▶ PROBLEM DETAILS
Everything in the records must appear again exactly, except the images.

========

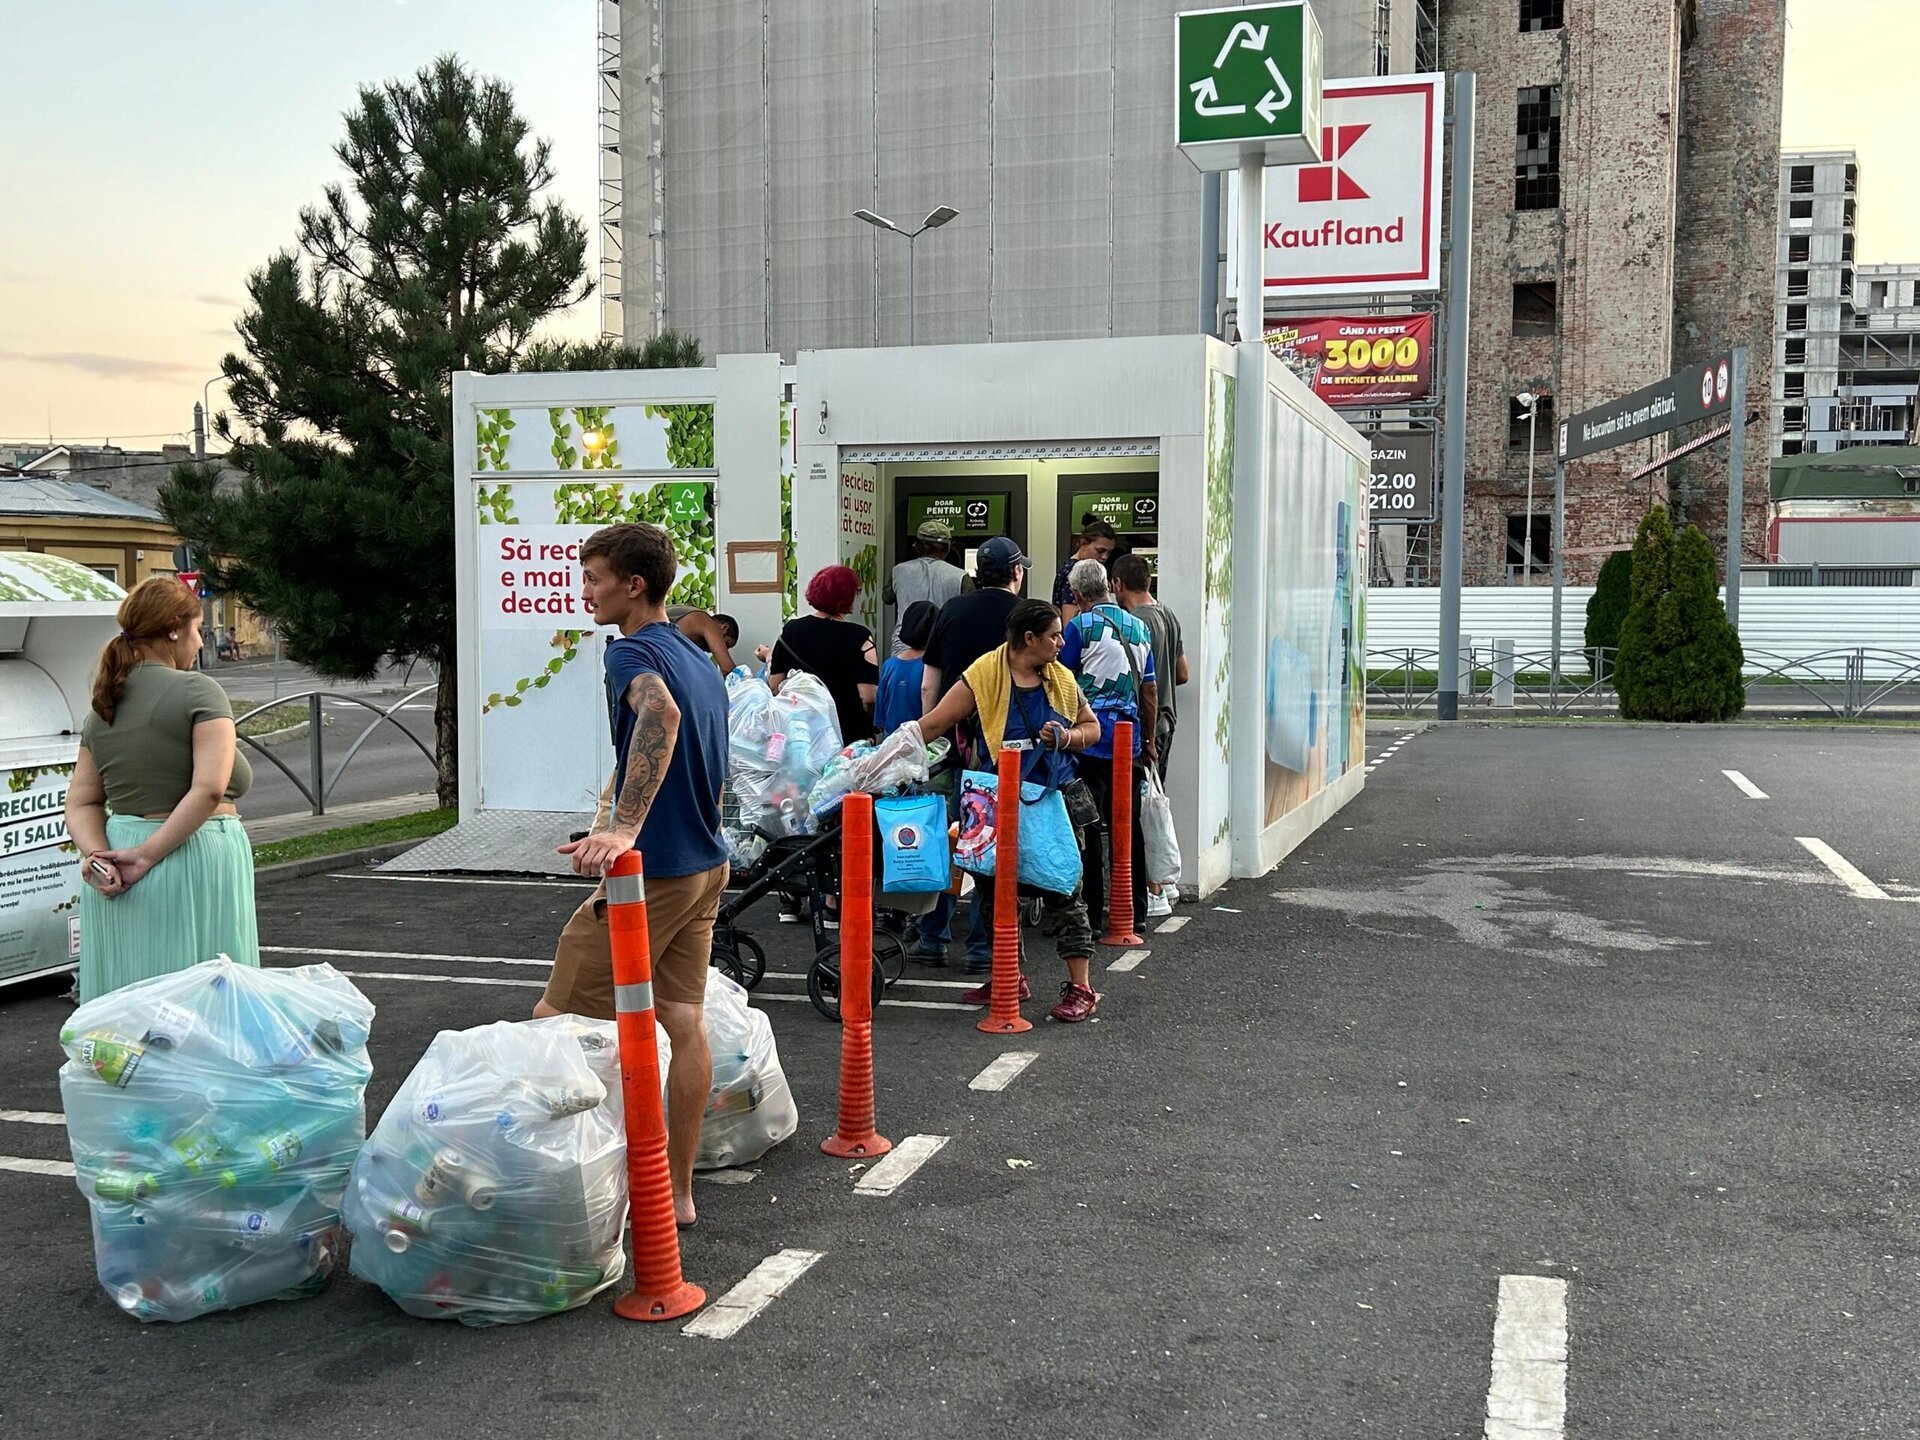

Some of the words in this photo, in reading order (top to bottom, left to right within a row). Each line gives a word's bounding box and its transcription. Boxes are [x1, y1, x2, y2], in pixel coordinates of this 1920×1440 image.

[1264, 216, 1403, 248] Kaufland
[1339, 325, 1364, 335] CÂND
[1366, 326, 1376, 335] AI
[1378, 325, 1406, 334] PESTE
[1324, 337, 1419, 369] 3000
[1321, 376, 1333, 384] DE
[1334, 375, 1376, 384] ETICHETE
[1378, 374, 1418, 383] GALBENE
[1704, 377, 1711, 398] 10
[1583, 423, 1591, 442] Ne
[1624, 410, 1631, 428] te
[1632, 406, 1649, 425] avem
[1650, 392, 1676, 418] alături.
[1370, 473, 1416, 489] 22.00
[854, 501, 872, 517] ușor
[1092, 503, 1129, 511] PENTRU
[1369, 493, 1415, 509] 21.00
[854, 519, 876, 537] crezi.
[1103, 515, 1116, 523] CU
[501, 537, 531, 560] Să
[501, 571, 515, 587] e
[524, 565, 570, 587] mai
[502, 591, 575, 614] decât
[4, 830, 19, 853] ȘI

========

▶ WRITTEN ANSWER
Some of the words in this photo, in reading order (top to bottom, left to right within a row). Each line gives a word's bounding box and its transcription. Boxes are [x1, y1, x2, y2], in pixel coordinates of this 1920×1440 image.

[1264, 216, 1403, 248] Kaufland
[1339, 325, 1364, 335] CÂND
[1366, 326, 1376, 335] AI
[1378, 325, 1406, 334] PESTE
[1324, 337, 1419, 369] 3000
[1321, 376, 1333, 384] DE
[1334, 375, 1376, 384] ETICHETE
[1378, 374, 1418, 383] GALBENE
[1704, 377, 1711, 398] 10
[1583, 423, 1591, 442] Ne
[1624, 410, 1631, 428] te
[1632, 406, 1649, 425] avem
[1650, 392, 1676, 418] alături.
[1370, 473, 1416, 489] 22.00
[854, 501, 872, 517] ușor
[1092, 503, 1129, 511] PENTRU
[1369, 493, 1415, 509] 21.00
[854, 519, 876, 537] crezi.
[1103, 515, 1116, 523] CU
[501, 537, 531, 560] Să
[501, 571, 515, 587] e
[524, 565, 570, 587] mai
[502, 591, 575, 614] decât
[4, 830, 19, 853] ȘI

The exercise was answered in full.